In response to: Hätönen, H. Jyrkinen A., Katajisto J., Kuosamen L.& Välimäki M. (2006) Patient satisfaction with inpatient psychiatric care. Journal of Advanced Nursing 55(6), 655–663.
Article first published online: 13 FEB 2007
Journal of Advanced Nursing
Volume 57, Issue 5, pages 559–560, March 2007
How to Cite
Longeway, J. A. (2007), In response to: Hätönen, H. Jyrkinen A., Katajisto J., Kuosamen L.& Välimäki M. (2006) Patient satisfaction with inpatient psychiatric care. Journal of Advanced Nursing 55(6), 655–663. Journal of Advanced Nursing, 57: 559–560. doi: 10.1111/j.1365-2648.2007.04138.x
- Issue published online: 13 FEB 2007
- Article first published online: 13 FEB 2007
Hätönen et al. (2006) do an excellent job of examining patient satisfaction in the acute inpatient psychiatric setting. The authors identify specific areas in need of improvement in order to obtain higher patient satisfaction ratings, particularly access to information, improvements on restrictions and compulsory care, and patient-staff relationships.

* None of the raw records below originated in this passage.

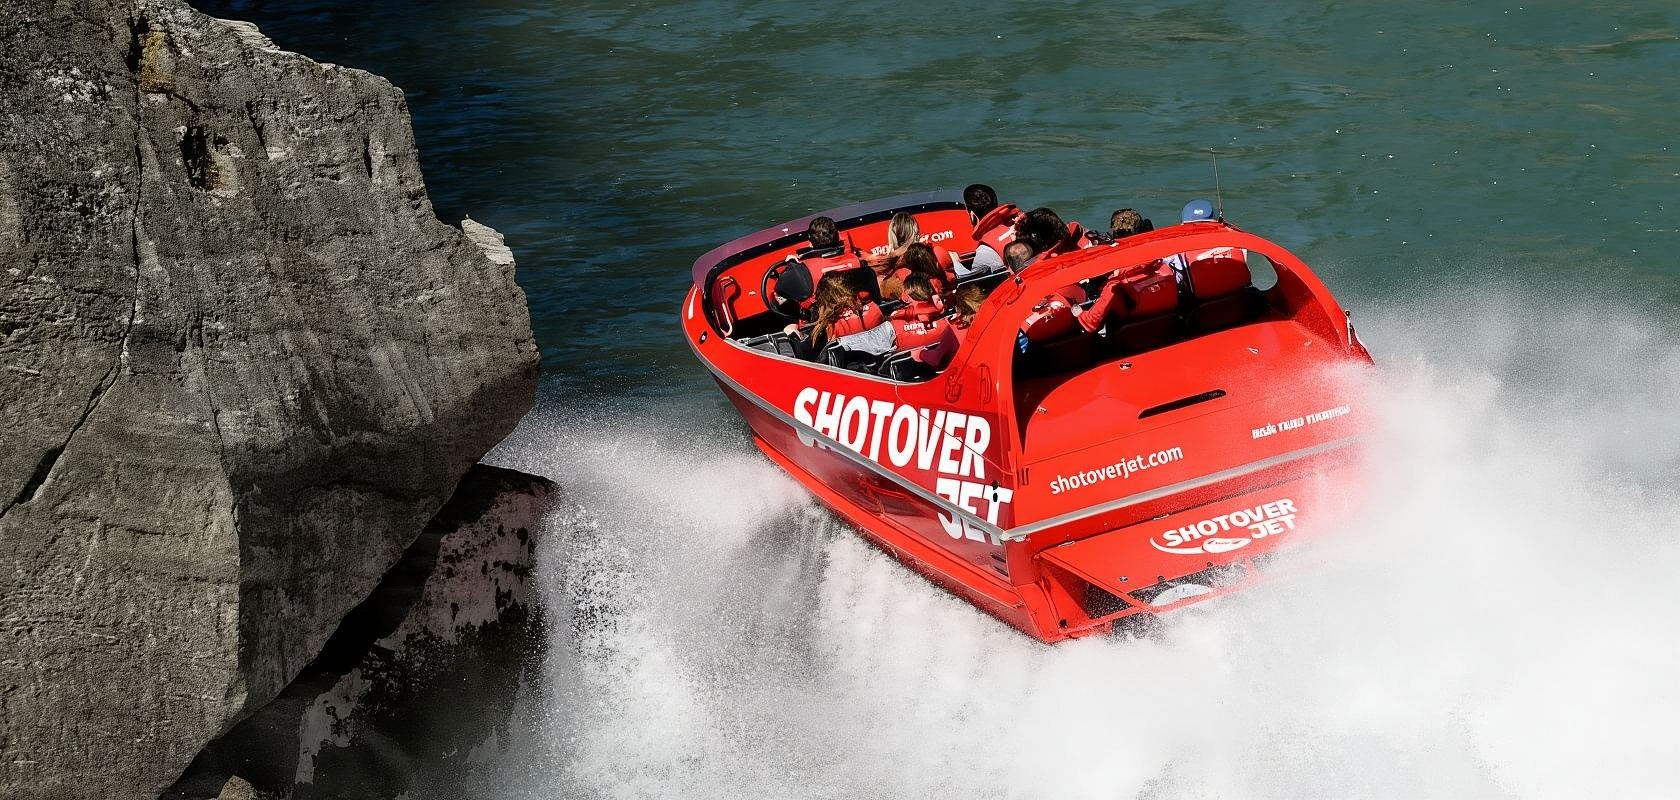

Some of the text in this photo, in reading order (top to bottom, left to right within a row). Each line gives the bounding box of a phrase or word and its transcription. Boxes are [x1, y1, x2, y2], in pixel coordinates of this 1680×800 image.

[793, 387, 991, 480] SHOTOVER
[1049, 446, 1184, 495] shotoverjet.com
[936, 477, 1014, 546] JET
[1162, 498, 1298, 547] SHOTOVER
[1247, 513, 1297, 539] JET

In my experience as a mental health nurse, patient dissatisfaction with information and restrictions may well be related. When restrictions are placed upon patient movements and actions without sufficient information being conveyed as to both cause and goal, these restrictions may seem arbitrary from a patient's perspective. The result: patient dissatisfaction from a sense of being unjustly and unnecessarily prohibited from certain actions.
Baraff and Krishel (1993) identified increased satisfaction with emergency department care when information regarding specific emergency room protocols and what to anticipate was provided to patients on arrival to the Emergency Department. Performing research with a similar intervention in the psychiatric setting would help determine if providing education about restrictions on admission would serve to improve patient understanding of and satisfaction with restrictions. Restrictions on an inpatient psychiatric unit typically involve the provision of safety and maintenance of therapeutic milieu (Kennedy 2002). Communicating these rationale with patients may serve to make restrictions more tolerable. Additional research regarding whether patient satisfaction with restrictions is improved in response to increased information and education from staff regarding the rationale of these restrictions may prove fruitful.

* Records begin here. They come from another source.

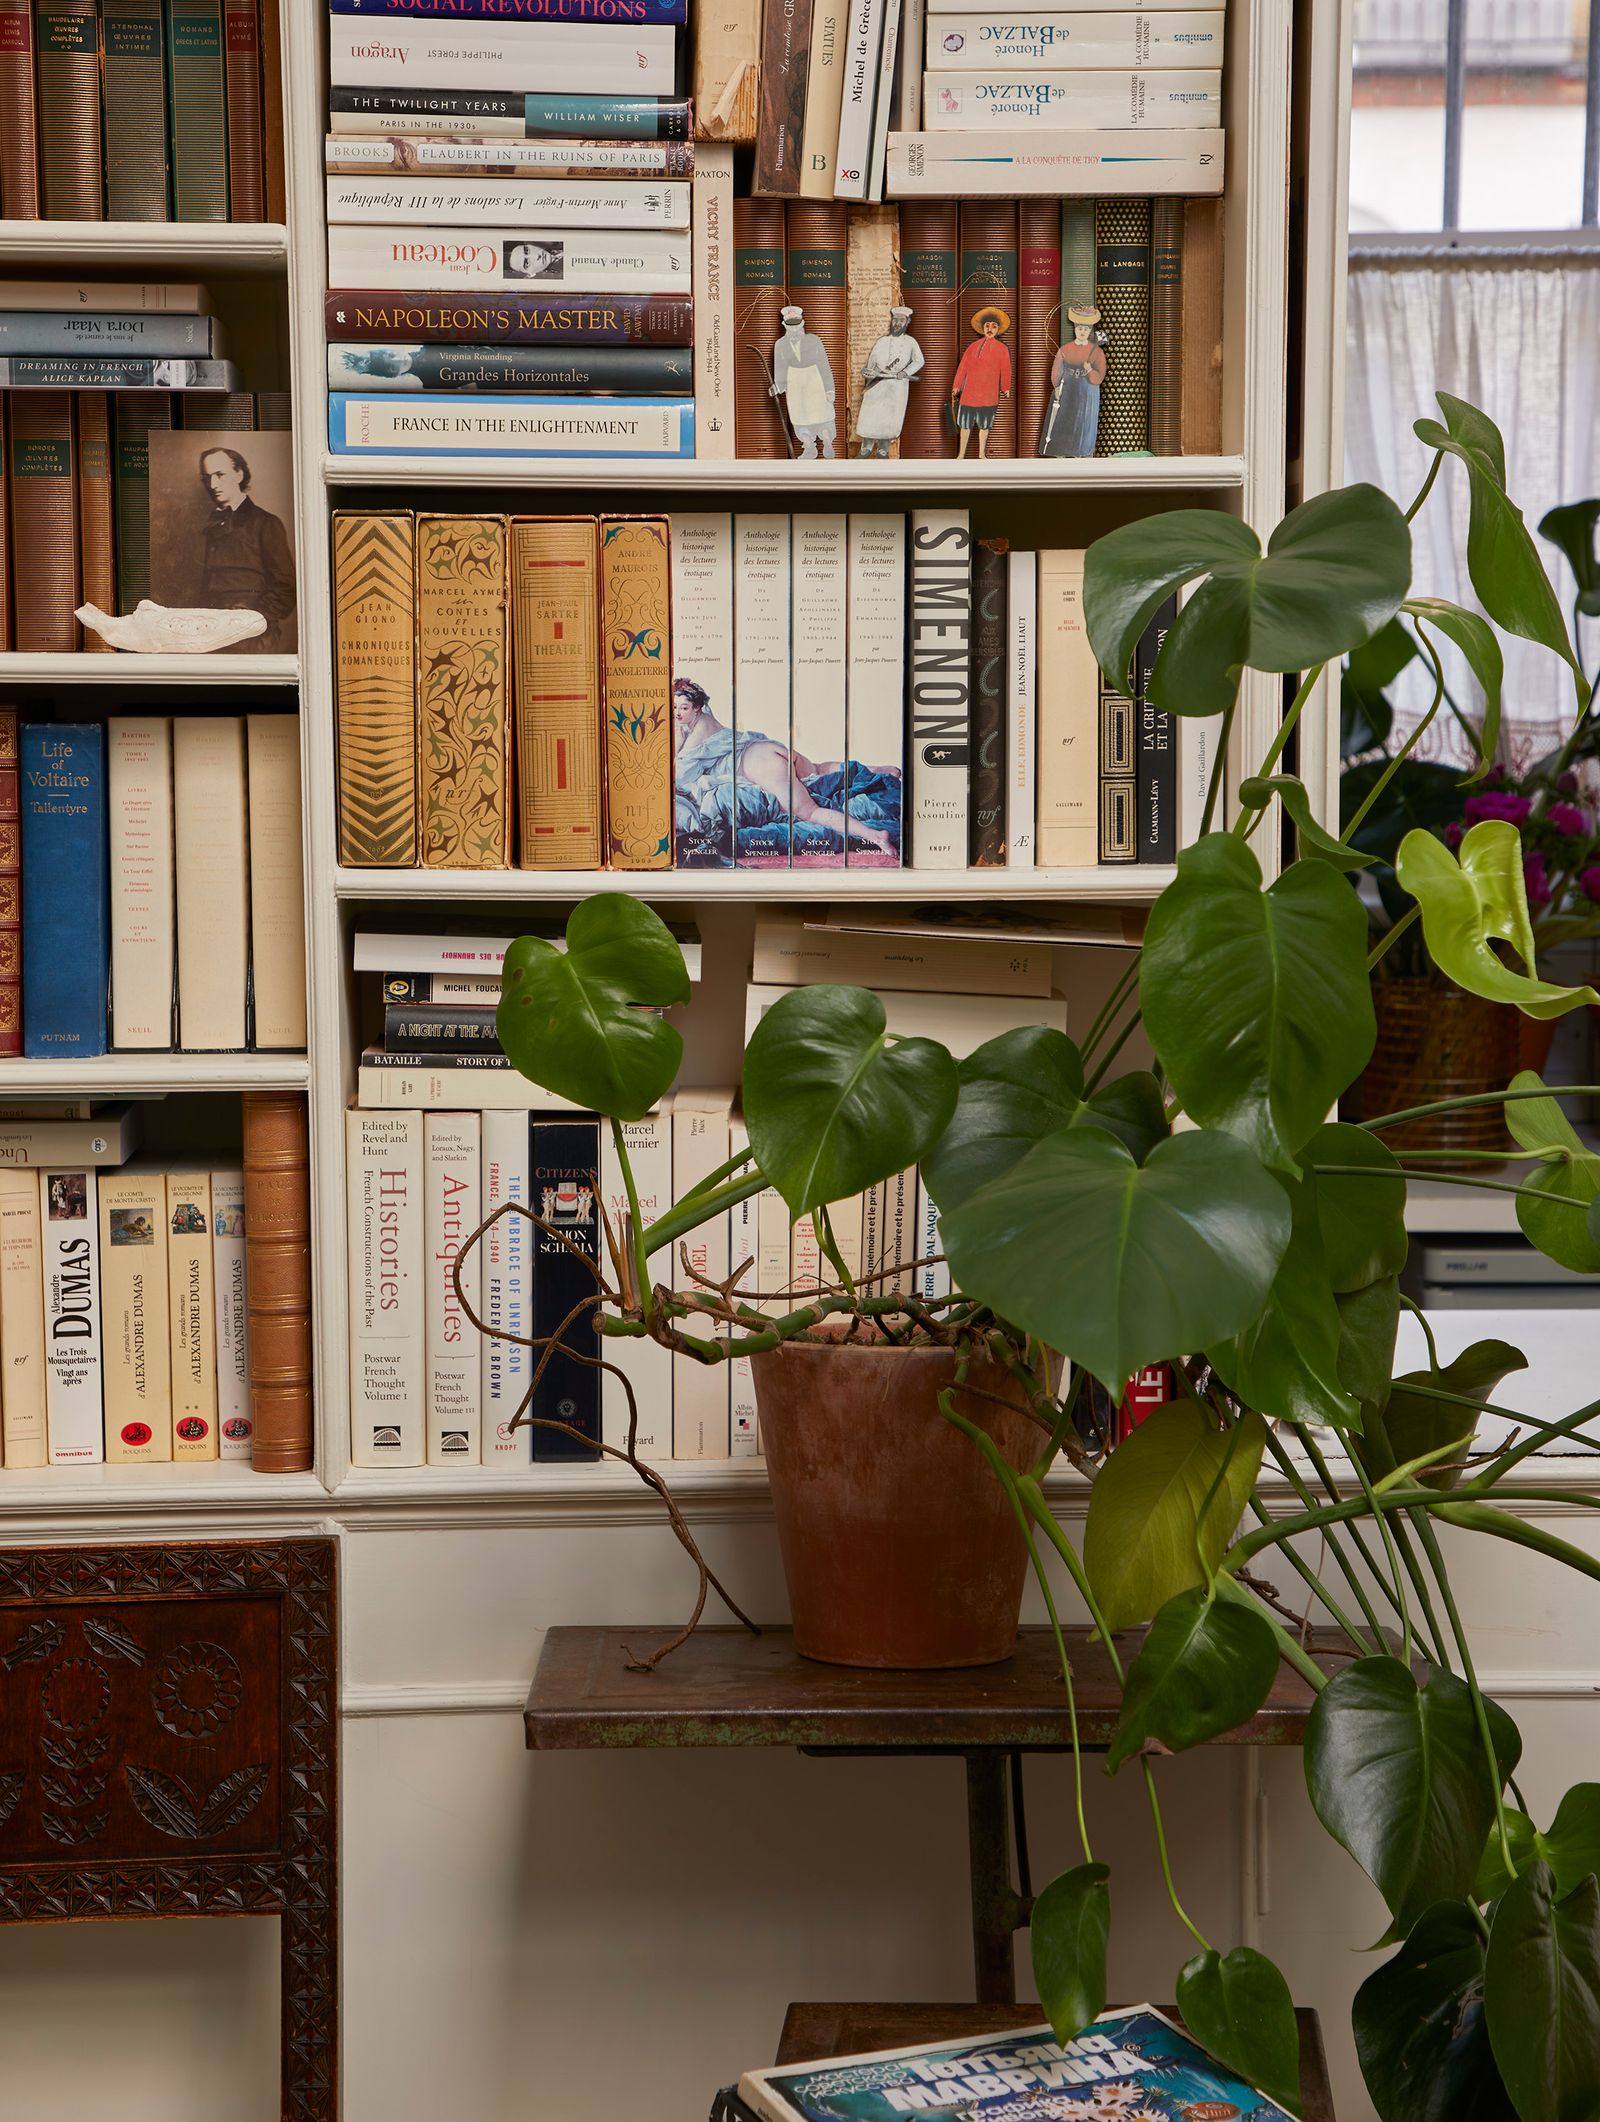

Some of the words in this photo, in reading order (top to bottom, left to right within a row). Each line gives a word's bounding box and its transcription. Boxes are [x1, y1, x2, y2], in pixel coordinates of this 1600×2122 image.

[858, 0, 872, 36] Grèce
[979, 26, 1056, 45] BALZAC
[1055, 29, 1070, 40] de
[1135, 15, 1143, 55] COMÉDIE
[1142, 20, 1150, 60] HUMAINE
[1173, 34, 1214, 42] omnibus
[821, 16, 837, 66] STATUES
[350, 41, 410, 66] Aragon
[856, 40, 868, 56] de
[994, 45, 1045, 57] Honoré
[427, 49, 460, 60] FOREST
[462, 49, 503, 61] PHILIPPE
[1135, 56, 1143, 66] LA
[852, 59, 866, 103] Michel
[975, 85, 1052, 104] BALZAC
[1051, 88, 1066, 98] de
[1131, 74, 1139, 113] COMÉDIE
[1138, 79, 1146, 119] HUMAINE
[1168, 93, 1208, 102] omnibus
[352, 97, 381, 108] THE
[389, 98, 459, 111] TWILIGHT
[465, 100, 507, 112] YEARS
[991, 104, 1041, 116] Honoré
[543, 111, 597, 122] WILLIAM
[602, 112, 641, 123] WISER
[1131, 114, 1138, 125] LA
[380, 119, 408, 129] PARIS
[411, 120, 419, 129] IN
[423, 120, 444, 129] THE
[448, 121, 477, 130] 1930s
[334, 146, 390, 158] BROOKS
[775, 124, 785, 172] Flammarion
[421, 148, 492, 160] FLAUBERT
[496, 149, 512, 160] IN
[517, 149, 545, 160] THE
[551, 150, 593, 162] RUINS
[598, 151, 617, 162] OF
[621, 152, 661, 164] PARIS
[908, 143, 916, 177] GEORGES
[916, 143, 925, 177] SIMENON
[1015, 156, 1021, 165] A
[1022, 156, 1033, 165] LA
[1033, 155, 1072, 165] CONQUÊTE
[1072, 156, 1082, 165] DE
[1082, 156, 1101, 166] TIGY
[811, 154, 827, 171] B
[695, 170, 731, 179] PAXTON
[664, 188, 672, 219] PERRIN
[707, 195, 720, 242] VICHY
[392, 243, 497, 273] Cocteau
[570, 255, 607, 267] Arnaud
[609, 256, 644, 268] Claude
[1113, 260, 1146, 268] LANGAGE
[448, 263, 472, 275] Jean
[707, 244, 721, 302] FRANCE
[355, 308, 509, 330] NAPOLEON'S
[517, 309, 618, 331] MASTER
[623, 307, 631, 335] DAVID
[63, 320, 101, 332] Maar
[106, 321, 144, 333] Dora
[185, 323, 194, 343] Stock
[439, 352, 472, 362] Virginia
[473, 353, 513, 363] Rounding
[19, 362, 78, 371] DREAMING
[83, 362, 96, 371] IN
[100, 362, 144, 372] FRENCH
[41, 374, 75, 382] ALICE
[78, 375, 122, 383] KAPLAN
[439, 366, 500, 382] Grandes
[503, 367, 590, 383] Horizontales
[361, 403, 370, 444] ROCHE
[392, 417, 450, 433] FRANCE
[455, 417, 472, 433] IN
[475, 418, 506, 433] THE
[509, 419, 639, 435] ENLIGHTENMENT
[662, 410, 670, 447] HARVARD
[680, 529, 717, 539] Anthologie
[744, 531, 781, 541] Anthologie
[682, 543, 715, 553] historique
[746, 545, 779, 555] historique
[692, 556, 717, 564] lectures
[756, 558, 781, 566] lectures
[611, 563, 659, 573] MAUROIS
[423, 587, 469, 596] MARCEL
[472, 586, 501, 597] AYMÉ
[360, 602, 392, 614] JEAN
[436, 607, 489, 617] CONTES
[355, 614, 396, 625] GIONO
[536, 610, 580, 619] SARTRE
[455, 618, 468, 626] ET
[423, 627, 501, 637] NOUVELLES
[913, 526, 970, 739] SIMENON
[1017, 616, 1026, 645] LIAUT
[341, 640, 411, 652] CHRONIQUES
[341, 655, 411, 667] ROMANESQUES
[1017, 647, 1027, 697] JEAN-NOËL
[608, 688, 667, 700] ROMANTIQUE
[42, 741, 73, 758] Life
[51, 759, 65, 770] of
[27, 771, 90, 787] Voltaire
[923, 798, 957, 808] Pierre
[915, 811, 966, 820] Assouline
[1150, 778, 1159, 844] CALMANN-LÉVY
[750, 838, 774, 847] STOCK
[744, 848, 780, 857] SPENGLER
[441, 952, 476, 960] BRUNHOFF
[479, 953, 492, 961] DES
[40, 1032, 80, 1042] PUTNAM
[374, 1055, 422, 1066] BATAILLE
[361, 1121, 393, 1131] Edited
[394, 1121, 409, 1134] by
[361, 1134, 387, 1143] Revel
[389, 1133, 409, 1143] and
[431, 1135, 450, 1143] Edited
[450, 1135, 462, 1144] by
[361, 1146, 389, 1156] Hunt
[431, 1154, 443, 1162] and
[443, 1153, 468, 1162] Slatkin
[363, 1169, 373, 1202] French
[742, 1199, 750, 1225] PIERRE
[365, 1203, 374, 1281] Constructions
[379, 1167, 408, 1311] Histories
[435, 1173, 470, 1344] Antiquities
[52, 1238, 92, 1340] DUMAS
[365, 1282, 374, 1293] of
[51, 1274, 60, 1315] Alexandre
[365, 1292, 374, 1306] the
[365, 1306, 373, 1329] Past
[56, 1348, 68, 1357] Les
[69, 1347, 88, 1356] Trois
[47, 1355, 97, 1367] Mousquetaires
[363, 1354, 402, 1364] Postwar
[56, 1368, 74, 1380] Vingt
[75, 1369, 88, 1377] ans
[363, 1366, 397, 1375] French
[434, 1371, 466, 1380] Postwar
[363, 1378, 406, 1391] Thought
[434, 1382, 462, 1391] French
[434, 1394, 469, 1404] Thought
[736, 1403, 753, 1411] Albin
[881, 2050, 1158, 2112] МАВРИНА

O'Connell et al. (1999) demonstrated difficulty rating patient satisfaction with inpatient care. An important conclusion reached was that pre-existing perceptions of nursing tended to correlate with patient satisfaction ratings. Follow-up studies on patient satisfaction in the inpatient mental health setting may benefit from including questions regarding the overall perception of mental health, mental illness, and mental health treatment to determine if these factors are significantly influencing patient satisfaction ratings. These factors may help explain variances between demographic groups when divided by previous psychiatric hospitalizations and length of illness. Patients without previous mental health treatment may have distorted expectations regarding mental health care delivery; conversely, patients with a significant history of mental health treatment may have developed the skills to effectively judge quality of mental health service delivery (Williams & Wilkinson 1995).
Patient–staff relationship is another area in which further research will be helpful in identifying specific factors contributing to lower satisfaction. The authors noted strong variances in patient satisfaction with staff–patient relationships based on patient demographics. Identifying what elements of the patient–staff interaction each group found satisfying and unsatisfying may help identify unique interaction needs of specific demographic groups. Determining whether quantity of interactions was a cause of dissatisfaction, for example, would allow interventions designed to ensure increased frequency of staff–patient interaction while identifying specific interaction elements (tone of voice, directive versus non-directive, body language, age and gender) may suggest possible changes in the way staff–patient interactions are managed.
This excellent article contributes significantly to the body of knowledge of nursing. Further research may benefit from including an option for patients to enter a narrative response on patient satisfaction surveys to identify specific issues that contributed to dissatisfaction in a general area. If details can be determined about the causes of dissatisfaction, nursing can work to develop specific interventions to improve patient satisfaction. Qualitative research may also prove useful in identifying themes among patients with lower satisfaction ratings.